乳酸菌の種類

たくさんの種類がある乳酸菌

ひとくちに乳酸菌といっても、その種類は属・種・株とそれぞれの持つ性質により細かく分類されており、私たちの日常の中で多種多様に存在しています。乳酸菌の代表的なものとしては、ヨーグルトに主に使われている乳酸桿菌、チーズなど酸味が薄い発酵食品に主に使われている乳酸球菌が挙げられるでしょう。効果も種類によって1つ1つ異なってくるのが乳酸菌の特徴なのです。
乳酸菌は現在わかっているところで350もの種類があります。これだけの種類を詳しく知ろうと思って調べてみても、アルファベットや記号の羅列が続き、理解するのはなかなか難しいと思います。動物や植物と同じように、細菌もまた属・種・株の順序で名前がつけられています。次に、私たちの腸の中に常在している乳酸菌を例にいくつか紹介していきます。

たくさんの種類がある乳酸菌

人間の役に立つ主な乳酸菌

350ほどある乳酸菌の中でも、特に人間の健康役立つと思われるもの、注目を集めているものを紹介していきます。

  • ラクトバチルス・ガセリ

    代表的なヒト腸内乳酸菌です。胃潰瘍、胃がんに起因するピロリ菌を減少させ、ピロリ菌の活動を抑制する働きをもっているといわれています。胃粘膜に付着しやすい性質をもっているため、効率的に胃の中で働くのが特徴です。消化性潰瘍や胃炎の発症を抑えたり、症状を改善させたりする働きもあると考えられ研究が進められています。

  • ラクトバチルス・デルブレッキ・サブスプ・ブルガリカス

    日本の代表的なプレーンヨーグルトに多く含まれており、整腸作用に優れています。最近の研究では、腸のバリア機能を高め、腸内フローラ(菌叢)のバランスを整える「抗菌ペプチド」の発現に関わっていることがわかりました。また、腸内の免疫細胞に直接働きかけていることが確認され、その健康維持効果が期待されています。

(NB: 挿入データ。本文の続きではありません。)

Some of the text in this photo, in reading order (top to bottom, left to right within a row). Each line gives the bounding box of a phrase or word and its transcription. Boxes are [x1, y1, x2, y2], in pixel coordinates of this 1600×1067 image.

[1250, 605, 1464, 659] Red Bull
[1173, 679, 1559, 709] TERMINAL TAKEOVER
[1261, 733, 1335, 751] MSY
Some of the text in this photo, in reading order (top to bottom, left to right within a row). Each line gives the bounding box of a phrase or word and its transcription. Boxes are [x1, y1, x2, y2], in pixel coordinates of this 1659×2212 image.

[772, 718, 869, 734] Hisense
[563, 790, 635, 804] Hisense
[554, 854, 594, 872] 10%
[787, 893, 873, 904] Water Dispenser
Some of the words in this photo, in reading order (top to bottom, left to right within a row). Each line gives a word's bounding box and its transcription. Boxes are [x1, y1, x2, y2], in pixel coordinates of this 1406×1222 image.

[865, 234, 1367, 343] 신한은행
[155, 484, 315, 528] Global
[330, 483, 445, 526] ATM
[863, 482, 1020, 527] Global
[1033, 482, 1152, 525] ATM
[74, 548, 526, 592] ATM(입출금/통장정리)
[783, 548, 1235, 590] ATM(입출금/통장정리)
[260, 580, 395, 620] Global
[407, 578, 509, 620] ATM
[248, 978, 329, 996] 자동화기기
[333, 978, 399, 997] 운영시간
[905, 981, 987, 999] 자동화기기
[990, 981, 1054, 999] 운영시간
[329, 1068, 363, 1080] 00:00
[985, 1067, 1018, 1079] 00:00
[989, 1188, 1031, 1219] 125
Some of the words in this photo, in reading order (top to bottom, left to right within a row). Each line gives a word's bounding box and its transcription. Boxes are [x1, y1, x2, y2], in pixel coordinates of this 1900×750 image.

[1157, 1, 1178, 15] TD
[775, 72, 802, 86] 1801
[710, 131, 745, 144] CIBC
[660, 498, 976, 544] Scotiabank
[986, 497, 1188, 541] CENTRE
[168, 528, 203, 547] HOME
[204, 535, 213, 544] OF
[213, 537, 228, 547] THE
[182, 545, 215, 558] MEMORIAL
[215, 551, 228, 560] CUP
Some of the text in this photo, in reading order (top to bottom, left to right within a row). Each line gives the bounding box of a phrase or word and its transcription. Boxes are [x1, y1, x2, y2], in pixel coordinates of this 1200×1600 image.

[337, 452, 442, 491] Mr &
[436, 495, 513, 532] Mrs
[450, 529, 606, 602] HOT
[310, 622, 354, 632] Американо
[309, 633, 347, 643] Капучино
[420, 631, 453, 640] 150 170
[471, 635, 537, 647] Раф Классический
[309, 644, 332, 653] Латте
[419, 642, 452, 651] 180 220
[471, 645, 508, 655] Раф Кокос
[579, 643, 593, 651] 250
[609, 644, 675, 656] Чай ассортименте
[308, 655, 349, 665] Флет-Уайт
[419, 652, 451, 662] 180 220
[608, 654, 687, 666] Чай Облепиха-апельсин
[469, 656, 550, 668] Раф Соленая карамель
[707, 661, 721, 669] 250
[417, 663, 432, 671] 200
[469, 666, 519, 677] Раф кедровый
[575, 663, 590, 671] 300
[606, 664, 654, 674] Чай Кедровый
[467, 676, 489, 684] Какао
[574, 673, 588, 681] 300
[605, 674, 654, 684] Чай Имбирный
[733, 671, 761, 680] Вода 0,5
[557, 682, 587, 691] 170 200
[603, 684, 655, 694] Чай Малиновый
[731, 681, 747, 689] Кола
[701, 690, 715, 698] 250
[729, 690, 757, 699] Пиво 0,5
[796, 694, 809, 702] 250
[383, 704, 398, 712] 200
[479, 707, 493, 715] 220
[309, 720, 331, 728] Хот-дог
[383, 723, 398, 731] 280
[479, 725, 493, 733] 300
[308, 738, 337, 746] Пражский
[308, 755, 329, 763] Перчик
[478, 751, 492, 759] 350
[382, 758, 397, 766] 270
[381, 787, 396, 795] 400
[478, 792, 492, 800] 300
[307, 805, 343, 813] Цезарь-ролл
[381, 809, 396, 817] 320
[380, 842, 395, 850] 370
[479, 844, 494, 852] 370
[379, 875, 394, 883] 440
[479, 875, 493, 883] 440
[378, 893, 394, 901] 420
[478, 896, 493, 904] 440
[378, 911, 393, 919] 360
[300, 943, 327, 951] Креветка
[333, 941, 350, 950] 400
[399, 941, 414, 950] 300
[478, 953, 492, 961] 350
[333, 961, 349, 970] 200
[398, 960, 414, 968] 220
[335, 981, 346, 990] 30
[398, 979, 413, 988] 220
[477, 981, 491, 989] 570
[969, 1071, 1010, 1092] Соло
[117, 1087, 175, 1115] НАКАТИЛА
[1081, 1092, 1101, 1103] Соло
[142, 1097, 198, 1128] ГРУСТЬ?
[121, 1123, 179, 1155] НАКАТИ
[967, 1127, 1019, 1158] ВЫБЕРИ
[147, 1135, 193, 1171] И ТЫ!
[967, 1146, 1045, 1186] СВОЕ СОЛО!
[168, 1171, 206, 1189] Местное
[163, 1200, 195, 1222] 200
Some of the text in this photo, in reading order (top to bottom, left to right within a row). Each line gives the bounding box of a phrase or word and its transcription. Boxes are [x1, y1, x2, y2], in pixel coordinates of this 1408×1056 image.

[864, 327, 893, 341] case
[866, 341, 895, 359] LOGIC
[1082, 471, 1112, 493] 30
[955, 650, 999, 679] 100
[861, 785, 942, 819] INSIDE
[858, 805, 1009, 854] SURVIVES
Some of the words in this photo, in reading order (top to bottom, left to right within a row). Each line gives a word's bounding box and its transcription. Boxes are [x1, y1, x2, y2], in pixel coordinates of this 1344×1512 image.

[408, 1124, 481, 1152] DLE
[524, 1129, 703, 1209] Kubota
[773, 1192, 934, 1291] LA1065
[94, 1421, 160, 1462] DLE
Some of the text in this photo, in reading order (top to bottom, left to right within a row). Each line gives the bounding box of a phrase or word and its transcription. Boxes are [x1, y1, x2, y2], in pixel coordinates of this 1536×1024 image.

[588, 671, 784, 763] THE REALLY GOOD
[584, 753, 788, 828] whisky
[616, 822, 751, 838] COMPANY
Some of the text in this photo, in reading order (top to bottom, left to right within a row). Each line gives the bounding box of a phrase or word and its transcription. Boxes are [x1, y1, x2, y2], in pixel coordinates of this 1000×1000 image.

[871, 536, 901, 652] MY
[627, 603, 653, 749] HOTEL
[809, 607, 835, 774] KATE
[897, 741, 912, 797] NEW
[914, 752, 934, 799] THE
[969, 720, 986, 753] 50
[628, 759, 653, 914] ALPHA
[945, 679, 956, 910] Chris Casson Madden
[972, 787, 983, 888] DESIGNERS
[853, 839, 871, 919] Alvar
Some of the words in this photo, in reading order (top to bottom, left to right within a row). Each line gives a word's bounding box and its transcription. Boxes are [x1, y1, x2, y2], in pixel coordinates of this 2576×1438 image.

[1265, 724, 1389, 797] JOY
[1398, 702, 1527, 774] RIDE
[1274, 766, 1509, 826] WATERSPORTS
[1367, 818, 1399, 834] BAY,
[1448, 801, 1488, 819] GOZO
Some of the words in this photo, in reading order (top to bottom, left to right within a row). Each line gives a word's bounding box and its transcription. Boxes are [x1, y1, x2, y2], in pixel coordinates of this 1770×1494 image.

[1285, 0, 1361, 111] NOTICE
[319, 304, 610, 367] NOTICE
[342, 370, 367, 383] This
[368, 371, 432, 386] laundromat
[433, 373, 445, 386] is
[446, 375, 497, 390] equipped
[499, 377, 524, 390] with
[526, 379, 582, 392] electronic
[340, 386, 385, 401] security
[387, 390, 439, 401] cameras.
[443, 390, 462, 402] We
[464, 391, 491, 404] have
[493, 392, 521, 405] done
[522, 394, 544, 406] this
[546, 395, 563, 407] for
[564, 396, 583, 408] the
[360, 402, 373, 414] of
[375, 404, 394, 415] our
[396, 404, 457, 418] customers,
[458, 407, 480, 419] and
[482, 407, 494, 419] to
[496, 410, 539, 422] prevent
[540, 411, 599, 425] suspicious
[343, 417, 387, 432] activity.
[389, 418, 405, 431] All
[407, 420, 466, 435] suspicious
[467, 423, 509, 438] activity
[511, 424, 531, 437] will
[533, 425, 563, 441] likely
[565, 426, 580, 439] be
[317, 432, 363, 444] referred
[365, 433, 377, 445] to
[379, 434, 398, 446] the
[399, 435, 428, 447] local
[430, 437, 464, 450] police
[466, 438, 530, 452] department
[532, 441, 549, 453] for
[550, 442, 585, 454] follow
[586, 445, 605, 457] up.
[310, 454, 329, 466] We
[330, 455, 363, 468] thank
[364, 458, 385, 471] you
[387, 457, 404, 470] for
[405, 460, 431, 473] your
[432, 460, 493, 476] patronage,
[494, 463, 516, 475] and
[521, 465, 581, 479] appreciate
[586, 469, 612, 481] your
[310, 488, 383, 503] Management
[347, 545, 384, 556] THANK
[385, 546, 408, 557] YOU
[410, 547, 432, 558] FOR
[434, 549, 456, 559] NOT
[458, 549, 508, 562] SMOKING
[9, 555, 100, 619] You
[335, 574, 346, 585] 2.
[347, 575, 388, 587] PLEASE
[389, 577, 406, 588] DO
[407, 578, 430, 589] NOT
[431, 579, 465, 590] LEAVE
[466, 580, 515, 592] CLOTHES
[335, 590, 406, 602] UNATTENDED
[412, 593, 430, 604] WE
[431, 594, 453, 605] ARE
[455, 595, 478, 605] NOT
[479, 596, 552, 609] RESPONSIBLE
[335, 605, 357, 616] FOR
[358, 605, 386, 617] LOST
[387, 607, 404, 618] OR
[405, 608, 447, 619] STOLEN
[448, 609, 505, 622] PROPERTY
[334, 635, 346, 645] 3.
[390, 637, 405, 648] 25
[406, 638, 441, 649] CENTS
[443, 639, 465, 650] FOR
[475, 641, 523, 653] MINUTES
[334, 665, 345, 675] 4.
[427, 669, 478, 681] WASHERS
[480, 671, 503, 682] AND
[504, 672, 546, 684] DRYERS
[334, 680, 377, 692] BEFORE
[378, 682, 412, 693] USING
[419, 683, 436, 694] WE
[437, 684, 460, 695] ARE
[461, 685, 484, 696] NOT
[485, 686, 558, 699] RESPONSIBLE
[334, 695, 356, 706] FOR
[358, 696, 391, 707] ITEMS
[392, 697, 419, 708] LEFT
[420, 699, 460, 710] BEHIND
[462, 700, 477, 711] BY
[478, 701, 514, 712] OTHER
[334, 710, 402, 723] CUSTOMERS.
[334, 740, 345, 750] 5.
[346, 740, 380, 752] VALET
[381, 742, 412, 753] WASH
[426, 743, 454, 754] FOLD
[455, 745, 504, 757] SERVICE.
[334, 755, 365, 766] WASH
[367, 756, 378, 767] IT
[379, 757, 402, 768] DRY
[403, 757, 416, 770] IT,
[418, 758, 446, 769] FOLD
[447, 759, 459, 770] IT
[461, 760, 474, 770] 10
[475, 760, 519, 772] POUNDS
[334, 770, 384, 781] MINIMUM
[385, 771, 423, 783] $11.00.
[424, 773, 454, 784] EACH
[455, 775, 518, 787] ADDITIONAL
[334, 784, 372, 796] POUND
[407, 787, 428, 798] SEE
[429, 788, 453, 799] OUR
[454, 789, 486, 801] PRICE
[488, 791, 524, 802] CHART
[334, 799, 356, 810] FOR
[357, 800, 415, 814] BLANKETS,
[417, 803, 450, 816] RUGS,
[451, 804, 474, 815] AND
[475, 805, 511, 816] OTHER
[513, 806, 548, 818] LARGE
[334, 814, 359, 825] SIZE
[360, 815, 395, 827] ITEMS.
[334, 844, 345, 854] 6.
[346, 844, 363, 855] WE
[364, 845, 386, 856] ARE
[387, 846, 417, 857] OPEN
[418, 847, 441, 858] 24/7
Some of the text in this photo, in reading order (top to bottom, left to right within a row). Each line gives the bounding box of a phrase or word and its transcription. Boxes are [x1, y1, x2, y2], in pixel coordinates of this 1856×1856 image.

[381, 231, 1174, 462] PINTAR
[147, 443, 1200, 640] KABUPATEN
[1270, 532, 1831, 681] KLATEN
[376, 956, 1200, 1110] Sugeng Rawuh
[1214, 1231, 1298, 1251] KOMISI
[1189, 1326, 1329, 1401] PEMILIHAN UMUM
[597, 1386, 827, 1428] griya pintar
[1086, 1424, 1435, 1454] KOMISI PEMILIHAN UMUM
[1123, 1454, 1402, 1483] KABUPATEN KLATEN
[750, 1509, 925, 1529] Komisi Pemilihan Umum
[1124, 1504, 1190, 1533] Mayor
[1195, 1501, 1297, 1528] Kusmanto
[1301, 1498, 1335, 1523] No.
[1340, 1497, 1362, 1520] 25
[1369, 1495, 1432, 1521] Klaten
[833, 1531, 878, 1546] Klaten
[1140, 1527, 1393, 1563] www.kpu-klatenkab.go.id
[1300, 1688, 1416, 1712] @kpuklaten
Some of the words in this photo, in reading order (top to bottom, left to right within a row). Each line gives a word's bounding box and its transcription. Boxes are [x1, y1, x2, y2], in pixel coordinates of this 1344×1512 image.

  • ラクトコッカス・ラクティス・サブスピーシーズ・クレモリス

    大腸まで届くことが明らかにされたプロバイオティクス乳酸菌です。また、EPSと呼ばれる粘り成分を作り「カスピ海ヨーグルト」の特長的な粘りのもととなっています。整腸効果のほか、アレルギー緩和効果、美肌効果、免疫調整効果などさまざまな健康効果があることがわかってきました。

  • ビフィドバクテリウム

    食物が腸管通過する時間を短縮する作用をもつことがヒト試験により証明されています。生きて腸まで届き、腸内環境を整えるので、便秘解消に有効と考えられています。

  • ビフィドバクテリウム・ロングム

    酸に強い性質を持っているため、胃酸で死滅することがありません。生きて大腸まで届き、大腸の善玉菌を増加させ、悪玉菌を減らして腸内環境改善し、お腹の健康を維持します。その他、継続的に摂取することで花粉症の症状を緩和させることもわかってきました。

このように乳酸菌の種類はとても多く、その働きも様々です。そのため、自分の目的に合った種類を見つけることが大切です。そして、それは人によって違うので、実際に該当する乳酸菌入りのヨーグルトを食べて体調を見るという根気が必要です。